After you’ve finished drawing your tree, discuss the following questions within your group: What char-acters and character states did you rely on to make your decisions about relationships when drawing the tree? Do you think that was a satisfactory way of elucidating phylogeny? In other words, should we make educated guesses?

How would we make this process more explicit? There are many possibilities, but all of them rely on defining characters to be scored and then scoring the character states for each species.

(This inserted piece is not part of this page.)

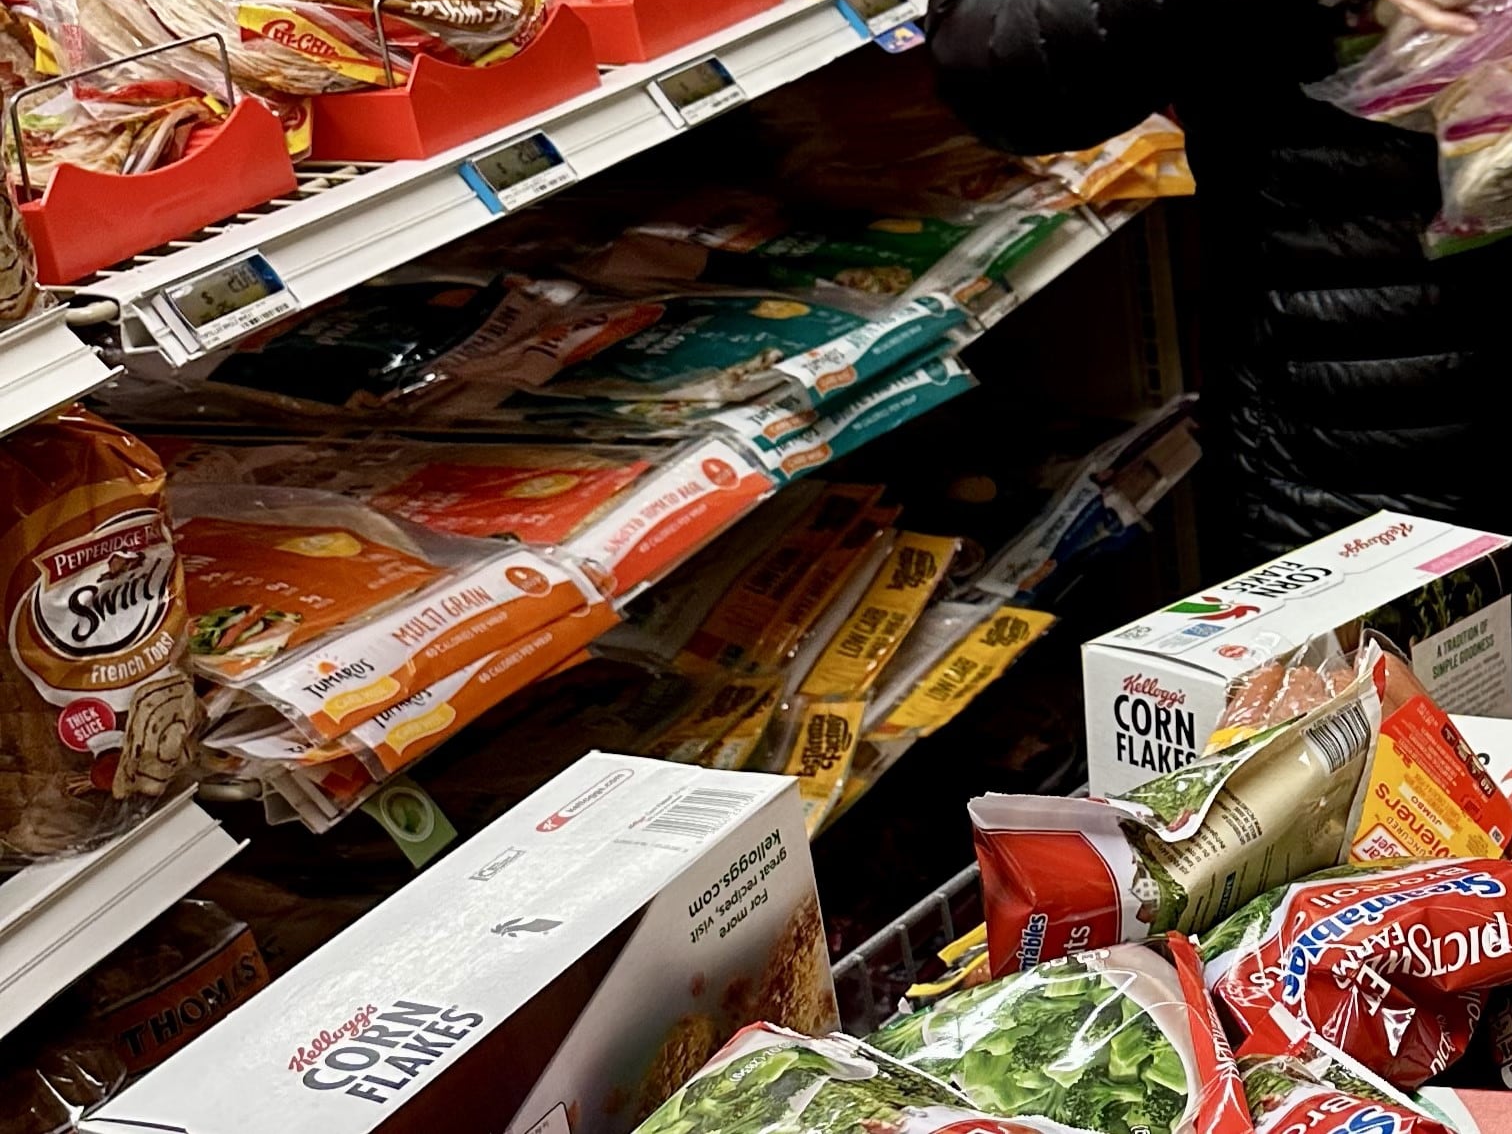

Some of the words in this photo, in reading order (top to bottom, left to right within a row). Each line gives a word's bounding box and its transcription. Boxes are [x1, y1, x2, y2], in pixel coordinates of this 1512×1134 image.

5 Scoring character states in the greenhouse

Now let’s do a real-world example of character state scoring. Today you will begin a project to reconstruct the phylogenetic relationships between 10 plant species growing in Oberlin’s greenhouse. We will use data sets of morphology (today) and DNA sequence (in a few weeks) to compare the phylogenies that we obtain. Your lab instructor or TA will take you up to the greenhouse to score morphological character states for these 10 species. To ensure that each lab group can compare their results, we have selected the 6 characters for you and have provided you with a set of character states that can be scored for each character (handout available during lab). This exercise is also a great way for you to learn a little more about plant morphology.

DNA has also been extracted from the leaves of these species and sequenced for the rbcL gene. In a few weeks, we will return to this group of taxa to consider the phylogeny inferred from the DNA characters and compare with the tree inferred from morphological characters.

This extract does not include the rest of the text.